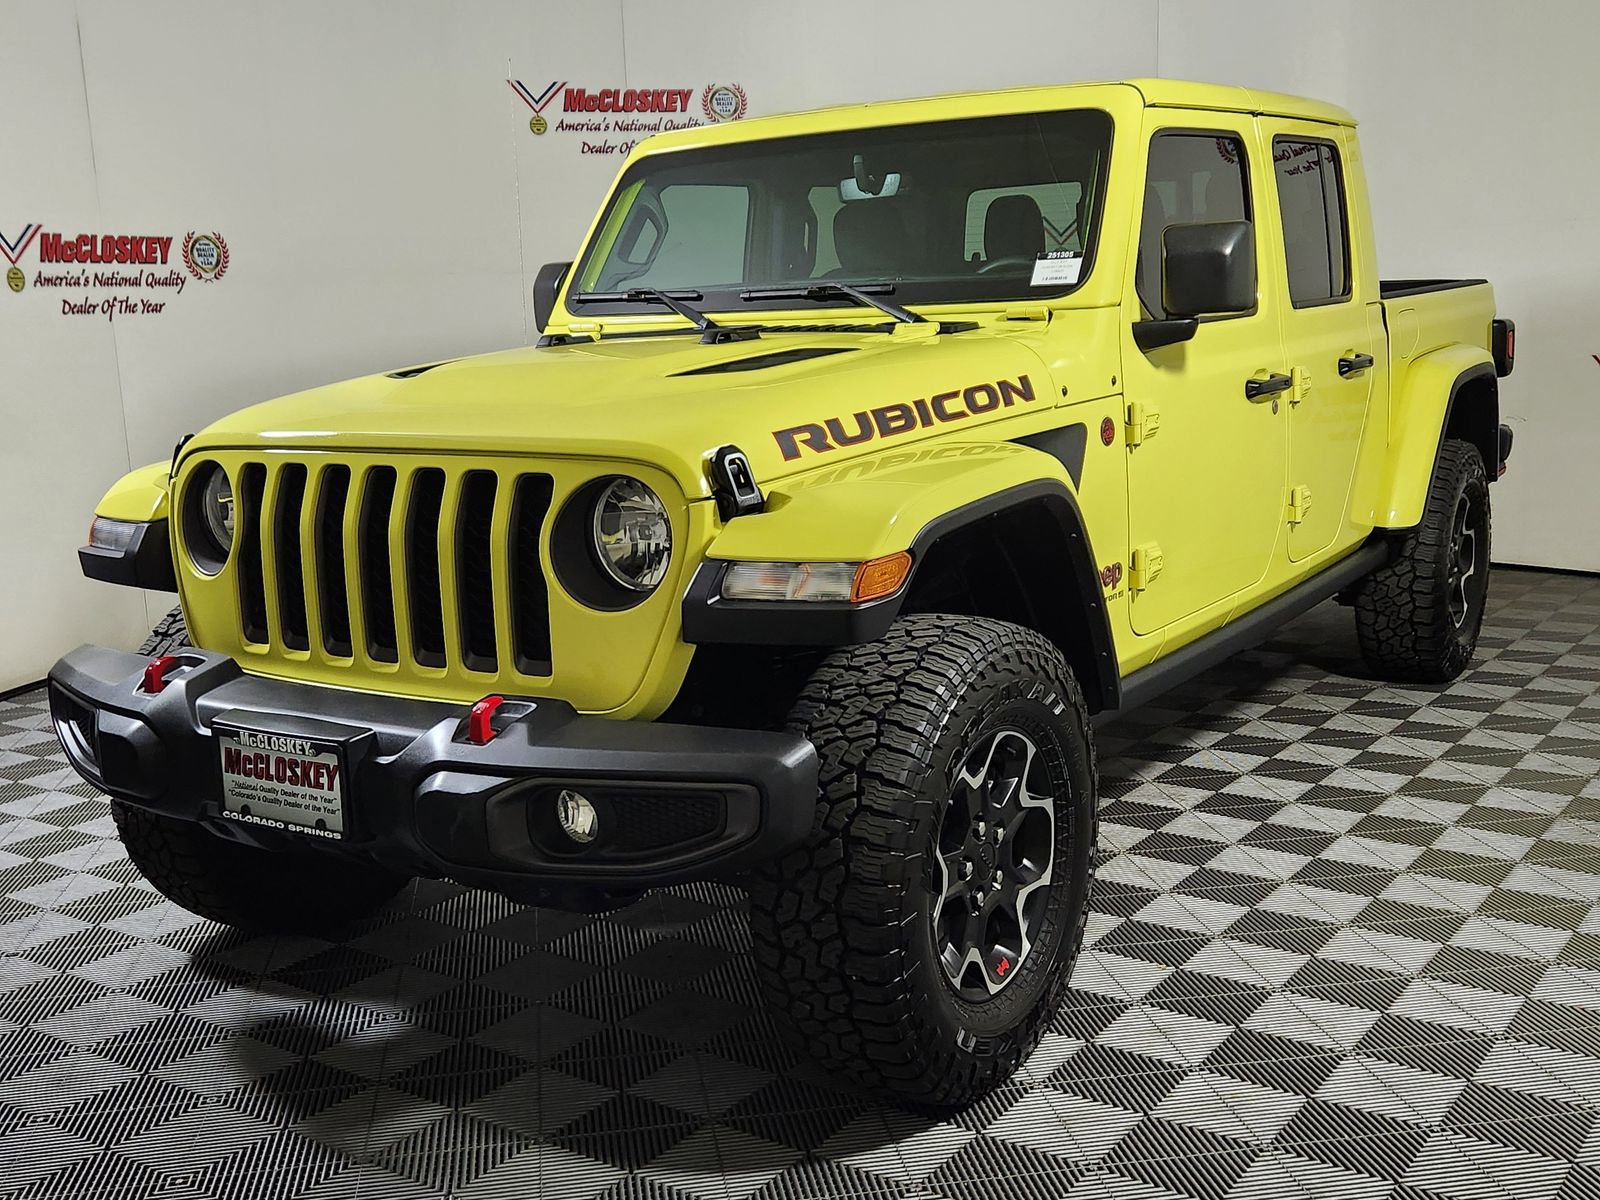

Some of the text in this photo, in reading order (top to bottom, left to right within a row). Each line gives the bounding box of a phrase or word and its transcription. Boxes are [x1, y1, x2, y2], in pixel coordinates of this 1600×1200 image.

[563, 88, 693, 113] McCLOSKEY
[555, 117, 610, 132] America's
[613, 116, 662, 132] National
[581, 140, 617, 155] Dealer
[40, 232, 173, 265] McCLOSKEY
[1047, 251, 1075, 259] 251305
[33, 269, 89, 288] America's
[93, 270, 142, 288] National
[145, 271, 187, 294] Quality
[62, 296, 166, 322] Dealer Of The Year
[771, 374, 1036, 462] RUBICON
[240, 732, 312, 756] McCLOSKEY
[224, 747, 339, 792] McCLOSKEY
[260, 784, 280, 796] Quality
[280, 789, 300, 800] Dealer
[308, 794, 319, 802] the
[262, 795, 283, 807] Quality
[283, 799, 303, 809] Dealer
[304, 802, 311, 810] of
[311, 804, 322, 812] the
[222, 811, 341, 840] COLORADO SPRINGS

****

▶ **Work required**: Make an exact copy of the listing. Do not carry over its pictures.

▶ **Result for this exercise**:
Some of the text in this photo, in reading order (top to bottom, left to right within a row). Each line gives the bounding box of a phrase or word and its transcription. Boxes are [x1, y1, x2, y2], in pixel coordinates of this 1600×1200 image.

[563, 88, 693, 113] McCLOSKEY
[555, 117, 610, 132] America's
[613, 116, 662, 132] National
[581, 140, 617, 155] Dealer
[40, 232, 173, 265] McCLOSKEY
[1047, 251, 1075, 259] 251305
[33, 269, 89, 288] America's
[93, 270, 142, 288] National
[145, 271, 187, 294] Quality
[62, 296, 166, 322] Dealer Of The Year
[771, 374, 1036, 462] RUBICON
[240, 732, 312, 756] McCLOSKEY
[224, 747, 339, 792] McCLOSKEY
[260, 784, 280, 796] Quality
[280, 789, 300, 800] Dealer
[308, 794, 319, 802] the
[262, 795, 283, 807] Quality
[283, 799, 303, 809] Dealer
[304, 802, 311, 810] of
[311, 804, 322, 812] the
[222, 811, 341, 840] COLORADO SPRINGS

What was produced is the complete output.